§ WHAT IS NEEDED
Go through the entries and copy each one exactly. Leave none out.

(Spatial localization data)
____

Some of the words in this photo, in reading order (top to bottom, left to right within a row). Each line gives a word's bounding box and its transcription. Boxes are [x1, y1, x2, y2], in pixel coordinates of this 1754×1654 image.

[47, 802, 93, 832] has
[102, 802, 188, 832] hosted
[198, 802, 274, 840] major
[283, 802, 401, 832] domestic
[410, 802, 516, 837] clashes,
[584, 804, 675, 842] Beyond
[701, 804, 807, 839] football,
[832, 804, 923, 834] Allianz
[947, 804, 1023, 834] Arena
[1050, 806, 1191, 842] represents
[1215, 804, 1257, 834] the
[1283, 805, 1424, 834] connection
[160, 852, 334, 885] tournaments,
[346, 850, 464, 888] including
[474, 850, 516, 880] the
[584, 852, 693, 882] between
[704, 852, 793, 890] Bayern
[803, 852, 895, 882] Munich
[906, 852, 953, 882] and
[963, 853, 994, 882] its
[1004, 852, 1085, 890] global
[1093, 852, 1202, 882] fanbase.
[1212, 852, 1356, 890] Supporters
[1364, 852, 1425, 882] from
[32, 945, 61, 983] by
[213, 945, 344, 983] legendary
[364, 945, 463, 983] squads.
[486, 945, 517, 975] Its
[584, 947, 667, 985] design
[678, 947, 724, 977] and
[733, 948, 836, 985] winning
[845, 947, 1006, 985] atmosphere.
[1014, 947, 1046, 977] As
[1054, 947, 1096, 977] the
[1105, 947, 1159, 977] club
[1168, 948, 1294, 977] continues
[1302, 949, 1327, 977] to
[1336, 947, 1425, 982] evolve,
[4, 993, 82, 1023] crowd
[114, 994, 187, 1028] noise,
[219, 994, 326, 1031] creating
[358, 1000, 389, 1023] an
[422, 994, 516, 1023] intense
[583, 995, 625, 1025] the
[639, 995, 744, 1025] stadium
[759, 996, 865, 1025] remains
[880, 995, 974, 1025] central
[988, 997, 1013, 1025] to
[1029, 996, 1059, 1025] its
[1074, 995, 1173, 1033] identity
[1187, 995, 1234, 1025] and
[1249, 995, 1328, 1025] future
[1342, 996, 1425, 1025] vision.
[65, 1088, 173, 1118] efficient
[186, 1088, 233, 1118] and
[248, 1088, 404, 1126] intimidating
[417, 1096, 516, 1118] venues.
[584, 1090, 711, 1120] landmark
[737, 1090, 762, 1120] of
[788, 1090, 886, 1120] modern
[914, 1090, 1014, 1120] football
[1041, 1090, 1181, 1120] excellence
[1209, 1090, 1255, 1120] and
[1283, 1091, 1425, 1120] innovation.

____

§ EXERCISE OUTPUT
Some of the words in this photo, in reading order (top to bottom, left to right within a row). Each line gives a word's bounding box and its transcription. Boxes are [x1, y1, x2, y2], in pixel coordinates of this 1754×1654 image.

[47, 802, 93, 832] has
[102, 802, 188, 832] hosted
[198, 802, 274, 840] major
[283, 802, 401, 832] domestic
[410, 802, 516, 837] clashes,
[584, 804, 675, 842] Beyond
[701, 804, 807, 839] football,
[832, 804, 923, 834] Allianz
[947, 804, 1023, 834] Arena
[1050, 806, 1191, 842] represents
[1215, 804, 1257, 834] the
[1283, 805, 1424, 834] connection
[160, 852, 334, 885] tournaments,
[346, 850, 464, 888] including
[474, 850, 516, 880] the
[584, 852, 693, 882] between
[704, 852, 793, 890] Bayern
[803, 852, 895, 882] Munich
[906, 852, 953, 882] and
[963, 853, 994, 882] its
[1004, 852, 1085, 890] global
[1093, 852, 1202, 882] fanbase.
[1212, 852, 1356, 890] Supporters
[1364, 852, 1425, 882] from
[32, 945, 61, 983] by
[213, 945, 344, 983] legendary
[364, 945, 463, 983] squads.
[486, 945, 517, 975] Its
[584, 947, 667, 985] design
[678, 947, 724, 977] and
[733, 948, 836, 985] winning
[845, 947, 1006, 985] atmosphere.
[1014, 947, 1046, 977] As
[1054, 947, 1096, 977] the
[1105, 947, 1159, 977] club
[1168, 948, 1294, 977] continues
[1302, 949, 1327, 977] to
[1336, 947, 1425, 982] evolve,
[4, 993, 82, 1023] crowd
[114, 994, 187, 1028] noise,
[219, 994, 326, 1031] creating
[358, 1000, 389, 1023] an
[422, 994, 516, 1023] intense
[583, 995, 625, 1025] the
[639, 995, 744, 1025] stadium
[759, 996, 865, 1025] remains
[880, 995, 974, 1025] central
[988, 997, 1013, 1025] to
[1029, 996, 1059, 1025] its
[1074, 995, 1173, 1033] identity
[1187, 995, 1234, 1025] and
[1249, 995, 1328, 1025] future
[1342, 996, 1425, 1025] vision.
[65, 1088, 173, 1118] efficient
[186, 1088, 233, 1118] and
[248, 1088, 404, 1126] intimidating
[417, 1096, 516, 1118] venues.
[584, 1090, 711, 1120] landmark
[737, 1090, 762, 1120] of
[788, 1090, 886, 1120] modern
[914, 1090, 1014, 1120] football
[1041, 1090, 1181, 1120] excellence
[1209, 1090, 1255, 1120] and
[1283, 1091, 1425, 1120] innovation.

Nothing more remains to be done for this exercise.